Ich träume jede Nacht und spüre dabei meinen Körper nicht mehr. Ich bin jeweils mit meinem Geist in diesem Traum. Letzte Nacht träumte ich von einem Raum mit Malereien und Verzierungen an den Wänden. Ein spezieller Raum. Die Wände waren dunkel, fast schwarz mit goldenen Schnörkeleien versehen. Kein Möbelstück, keine Bilder. Ein kahler, leerer Raum. Der Raum zog sich in die Länge und ich fühlte mich da nicht wohl. Ich träume immer wieder von alten Häusern. Ich weiss, dass es Häuser sind, in denen ich mal gewohnt habe. In vielen Träumen sind die Häuser mal total verlottert, dann wieder sauber und gepflegt. Ich besuche darin Schlösser und Villen. Schlafzimmer mit verborgenen Hohlräumen in den Wänden, wobei nur ich wusste, wo diese versteckt waren. Dann wieder die gleichen Häuser leer und schmutzig. Ich wandle dann durch die leeren Räume und erinnere mich an die schönen, erfüllten Tage. Tage gefüllt mit Gelächter, Musik und Essen. Gedecke mit Silber und Blumensträussen, Kristallleuchter an den Decken. Frauen in wunderschönen Kleidern, die an mir lachend und schwatzend vorbeirauschten. Mal bin ich ein Kind, mal ein Teenager. Mal bin ich in einem Schloss der Turmwächter, mal die Dame des Hauses, die sich um alle kümmert. Ich träume davon, wie ich auf einer Strasse laufe in Richtung eines Hauses, der Weg gezäumt mit Zypressen. Ich sehe die Häuser so, wie sie jetzt aussehen.
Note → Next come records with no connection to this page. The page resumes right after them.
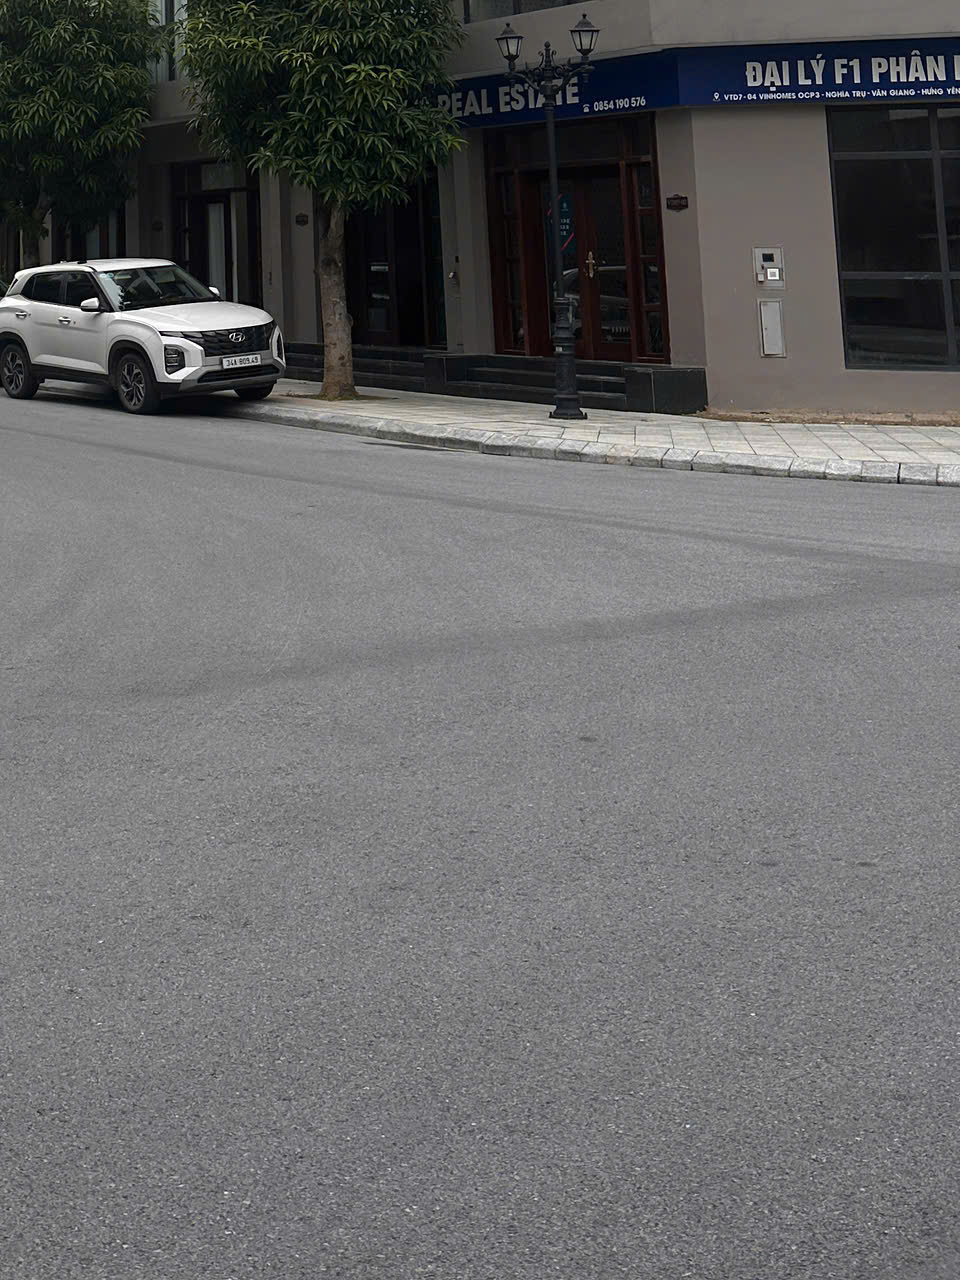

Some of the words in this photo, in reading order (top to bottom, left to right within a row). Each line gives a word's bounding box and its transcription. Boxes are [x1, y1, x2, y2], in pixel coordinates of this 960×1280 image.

[745, 59, 790, 91] ĐẠI
[797, 53, 825, 86] LÝ
[834, 58, 861, 84] F1
[871, 49, 947, 83] PHÂN
[437, 88, 493, 118] REAL
[593, 100, 615, 112] 0854
[616, 98, 630, 110] 190
[631, 96, 647, 108] 576
[758, 91, 797, 100] VINHOMES
[889, 88, 916, 97] GIANG
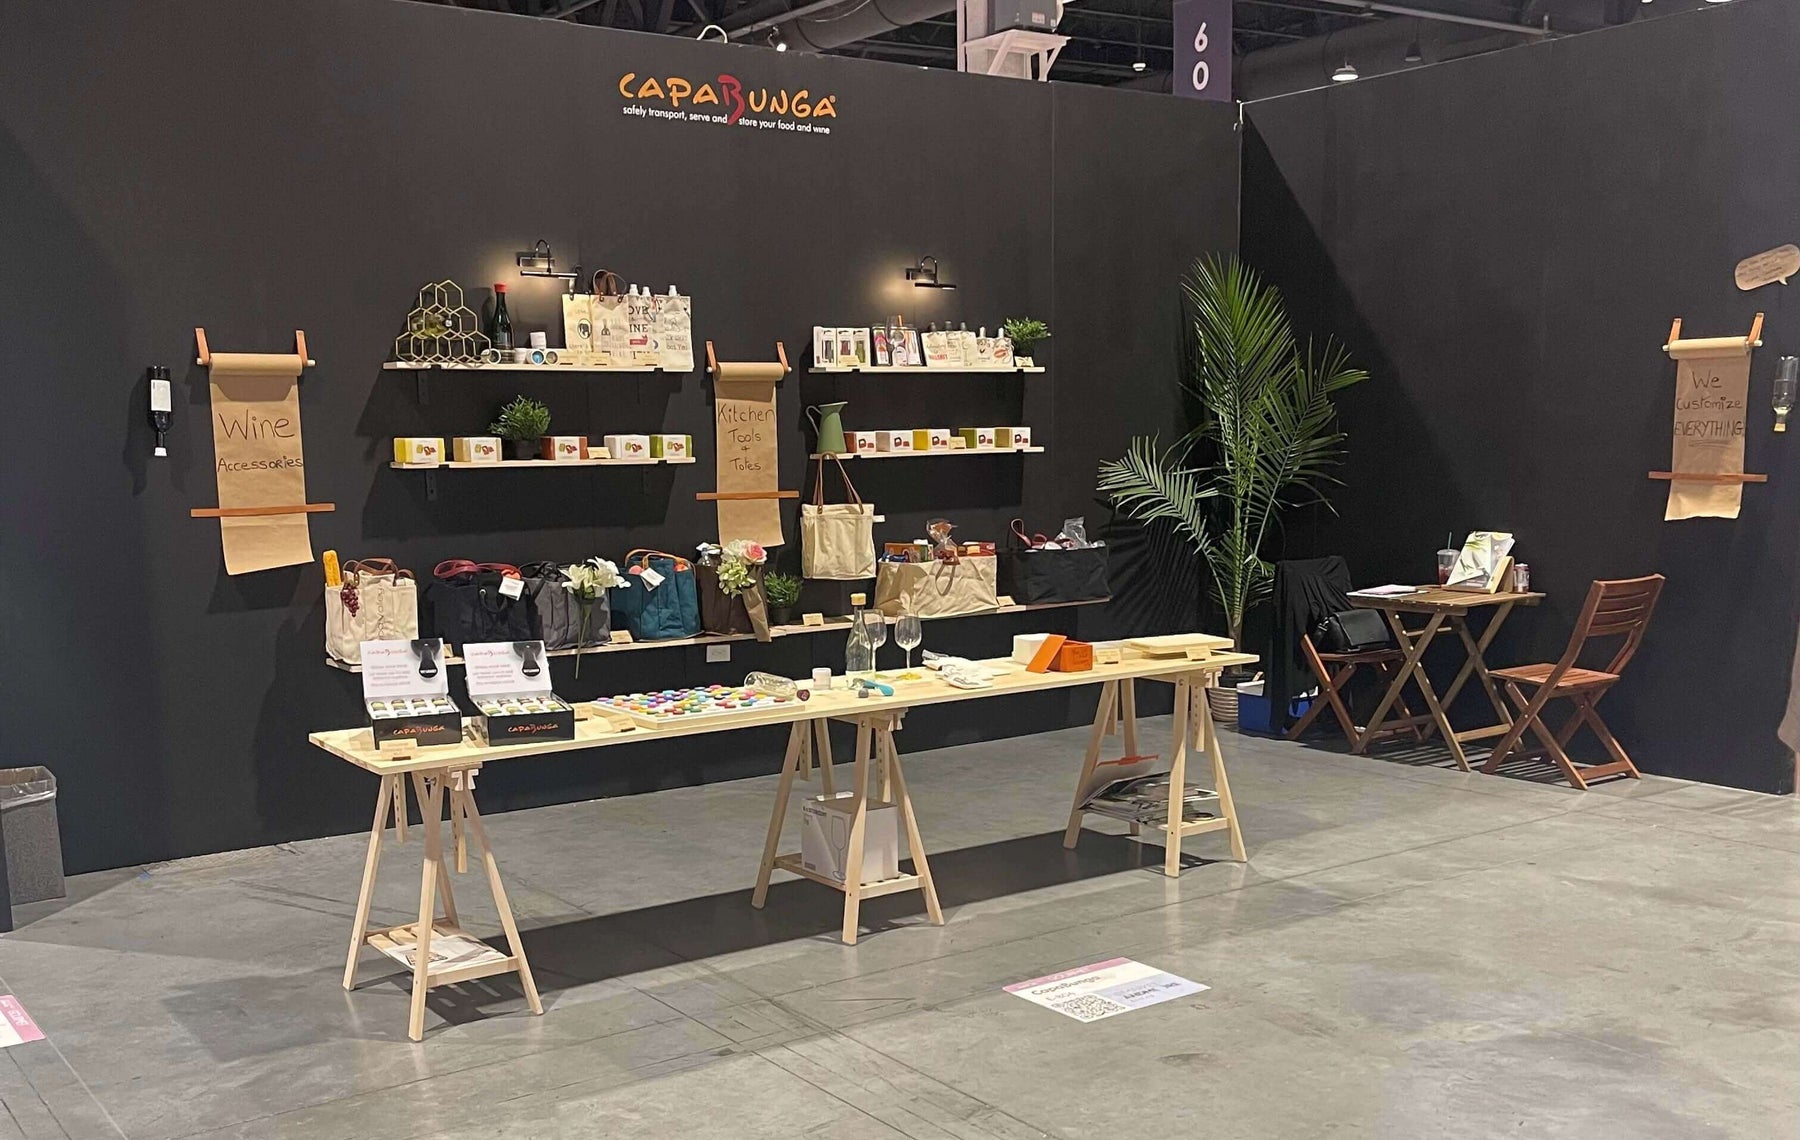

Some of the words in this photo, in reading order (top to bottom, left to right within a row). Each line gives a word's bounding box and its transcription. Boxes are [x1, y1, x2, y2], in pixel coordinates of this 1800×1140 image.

[622, 104, 647, 118] safely
[648, 107, 688, 121] transport,
[689, 113, 710, 122] serve
[711, 114, 728, 124] and
[738, 117, 758, 127] store
[758, 120, 776, 129] your
[777, 119, 796, 131] food
[796, 122, 812, 132] and
[812, 126, 831, 134] wine
[629, 323, 649, 333] INE
[1692, 369, 1723, 389] We
[717, 402, 776, 425] Kitchen
[218, 409, 296, 441] Wine
[727, 427, 762, 443] Tools
[728, 457, 762, 471] Totes
Mit Bedauern musste ich auch mal in einem Traum feststellen, dass das eine Haus abgerissen wurde. Manchmal bin ich in alten Holzhäusern mit niederen Decken und engen verwinkelten Gängen. Oder in einem Haus, das nur aus Steinen gebaut und am Hang eines riesigen Stausees stand. Wenn ich aus der Eingangstüre hinaus ins Freie trat, sah ich die Berge, welche den See umschlossen. Sah viele kleine Häuser am Hang. Fragte mich dann, ob dies ein Hotel oder ein Dorf war. Seit ich die Seelen nicht mehr bei mir habe, haben die Träume über die Häuser aufgehört.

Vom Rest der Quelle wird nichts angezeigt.